Molecular genetic testing for congenital adrenal hyperplasia (CAH) due to 21-hydroxylase deficiency (21-OHD) is offered worldwide and is of importance for differential diagnosis, carrier detection and adequate genetic counseling, particularly for family planning. In 2008 the European Molecular Genetics Quality Network (EMQN) for the first time offered a European-wide external quality assessment scheme for CAH (due to 21-OH deficiency). The interest was great and over the last years at about 60 laboratories from Europe, USA and Australia regularly participated in that scheme. These best practice guidelines were drafted on the basis of the extensive knowledge and experience got from those annually organized CAH-schemes. In order to obtain the widest possible consultation with practicing laboratories the draft was therefore circulated twice by EMQN to all laboratories participating in the EQA-scheme for CAH genotyping and was updated by that input.
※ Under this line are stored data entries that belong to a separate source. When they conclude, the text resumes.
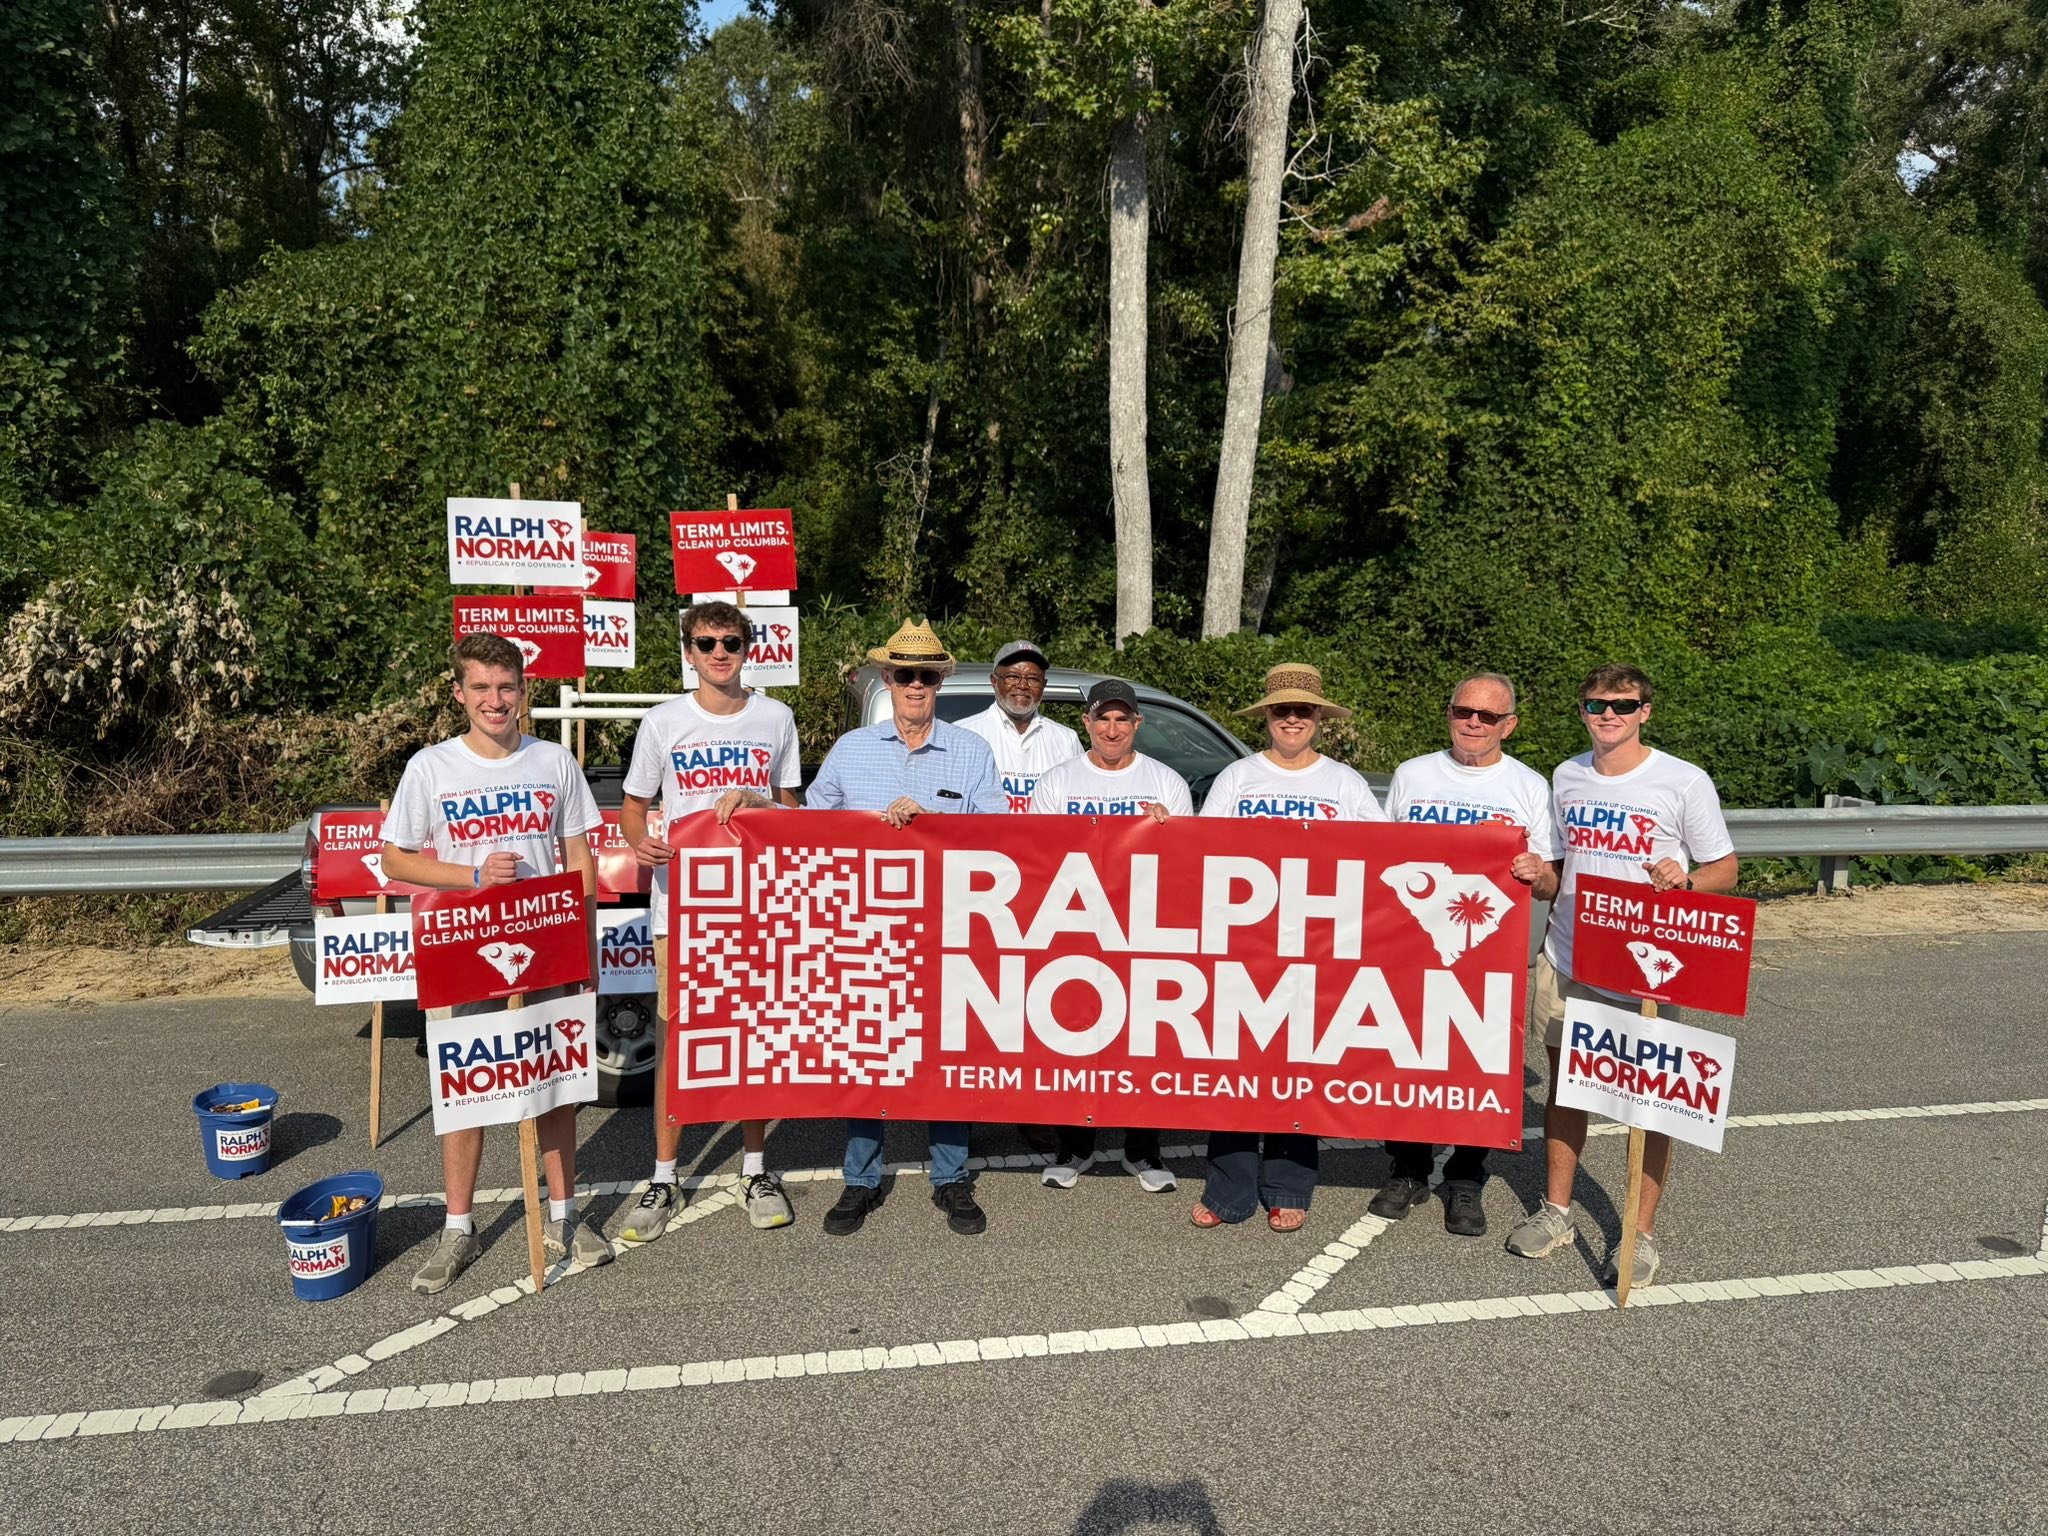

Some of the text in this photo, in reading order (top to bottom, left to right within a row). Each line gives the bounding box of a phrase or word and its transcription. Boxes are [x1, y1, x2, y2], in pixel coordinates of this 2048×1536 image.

[455, 516, 544, 538] RALPH
[676, 521, 790, 539] TERM LIMITS.
[456, 537, 575, 561] NORMAN
[582, 540, 632, 555] LIMITS.
[678, 537, 790, 550] CLEAN UP COLUMBIA.
[583, 553, 632, 564] COLUMBIA.
[458, 608, 509, 622] TERM
[515, 608, 580, 623] LIMITS.
[459, 624, 580, 634] CLEAN UP COLUMBIA.
[671, 747, 748, 771] RALPH
[676, 767, 770, 789] NORMAN
[440, 792, 458, 800] TERM
[459, 788, 484, 797] LIMITS.
[485, 785, 509, 793] CLEAN
[441, 791, 531, 822] RALPH
[1238, 799, 1315, 818] RALPH
[1409, 806, 1488, 824] RALPH
[1449, 800, 1471, 808] CLEAN
[1586, 800, 1608, 808] CLEAN
[324, 824, 373, 840] TERM
[447, 812, 554, 842] NORMAN
[324, 841, 361, 851] CLEAN
[364, 840, 379, 849] UP
[459, 838, 499, 848] REPUBLICAN
[500, 835, 514, 843] FOR
[1567, 826, 1655, 855] ORMAN
[1604, 852, 1643, 862] GOVERNOR
[419, 890, 579, 930] TERM LIMITS.
[943, 850, 1365, 959] RALPH
[1581, 890, 1746, 936] TERM LIMITS.
[420, 911, 580, 946] CLEAN UP COLUMBIA.
[601, 926, 653, 947] RAL
[1580, 912, 1744, 951] CLEAN UP COLUMBIA.
[323, 930, 408, 956] RALPH
[323, 952, 416, 978] NORMA
[601, 946, 656, 968] NOR
[332, 978, 372, 986] REPUBLICAN
[609, 968, 653, 976] REPUBLICAN
[940, 954, 1513, 1075] NORMAN
[438, 1023, 552, 1071] RALPH
[1571, 1021, 1683, 1074] RALPH
[440, 1042, 588, 1099] NORMAN
[1568, 1048, 1721, 1115] NORMAN
[455, 1073, 578, 1107] REPUBLICAN FOR GOVERNOR
[941, 1065, 1511, 1114] TERM LIMITS. CLEAN UP COLUMBIA.
[1579, 1079, 1704, 1122] REPUBLICAN FOR GOVERNOR
[220, 1131, 261, 1145] RALPH
[221, 1138, 269, 1155] NORMAN
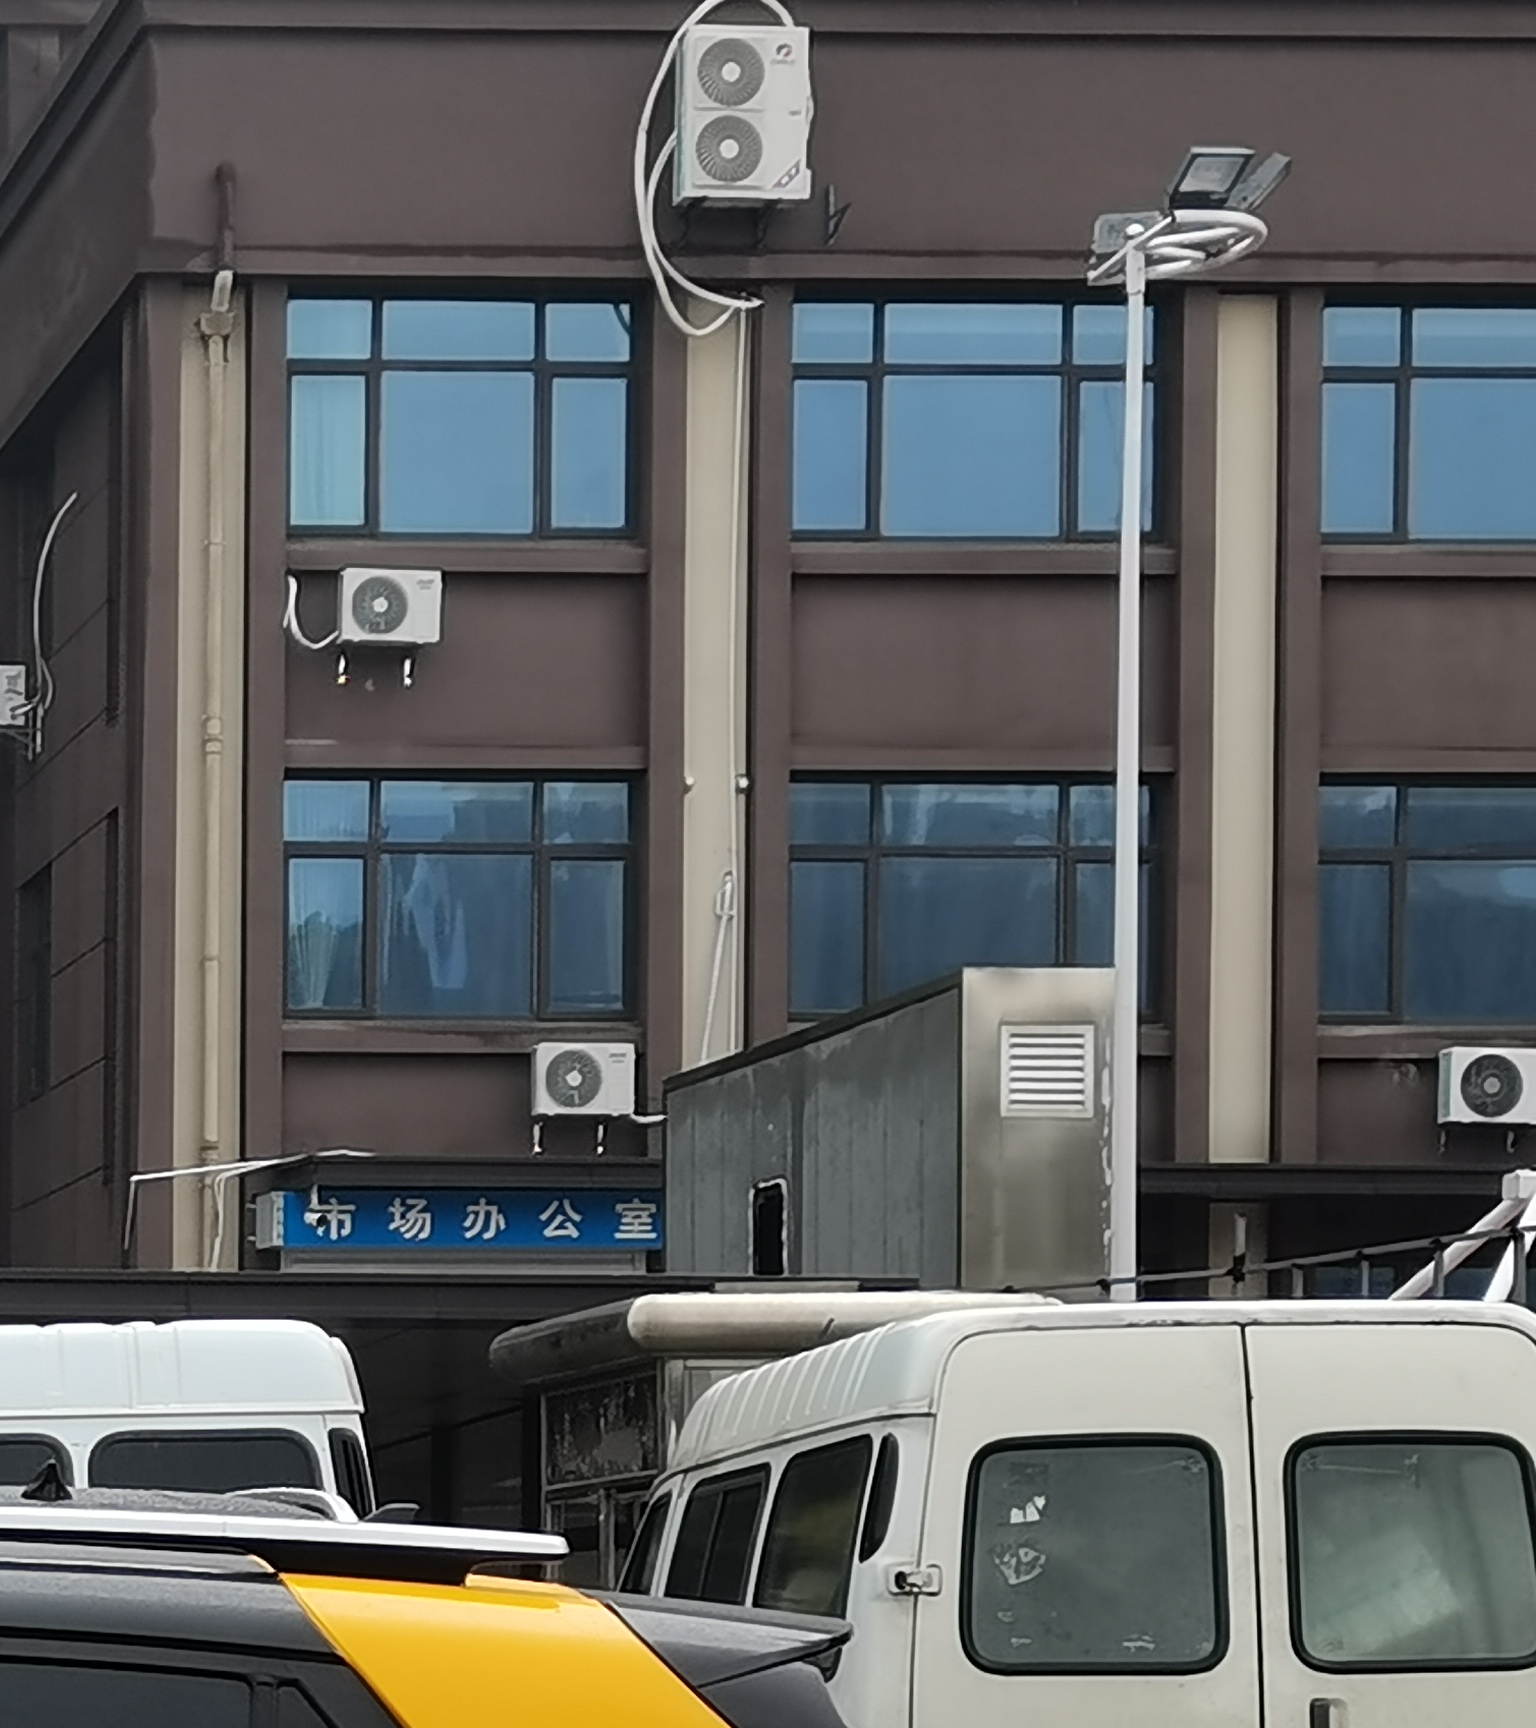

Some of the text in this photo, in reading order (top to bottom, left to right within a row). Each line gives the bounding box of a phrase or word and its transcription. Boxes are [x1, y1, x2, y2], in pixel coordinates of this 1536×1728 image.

[309, 1197, 658, 1241] 市场办公室
The present guidelines address quality requirements for diagnostic molecular genetic laboratories, as well as criteria for CYP21A2 genotyping (including carrier-testing and prenatal diagnosis). A key aspect of that article is the use of appropriate methodologies (e.g., sequencing methods, MLPA (multiplex ligation dependent probe amplification), mutation specific assays) and respective limitations and analytical accuracy. Moreover, these guidelines focus on classification of variants, and the interpretation and standardization of the reporting of CYP21A2 genotyping results. In addition, the article provides a comprehensive list of common as well as so far unreported CYP21A2-variants.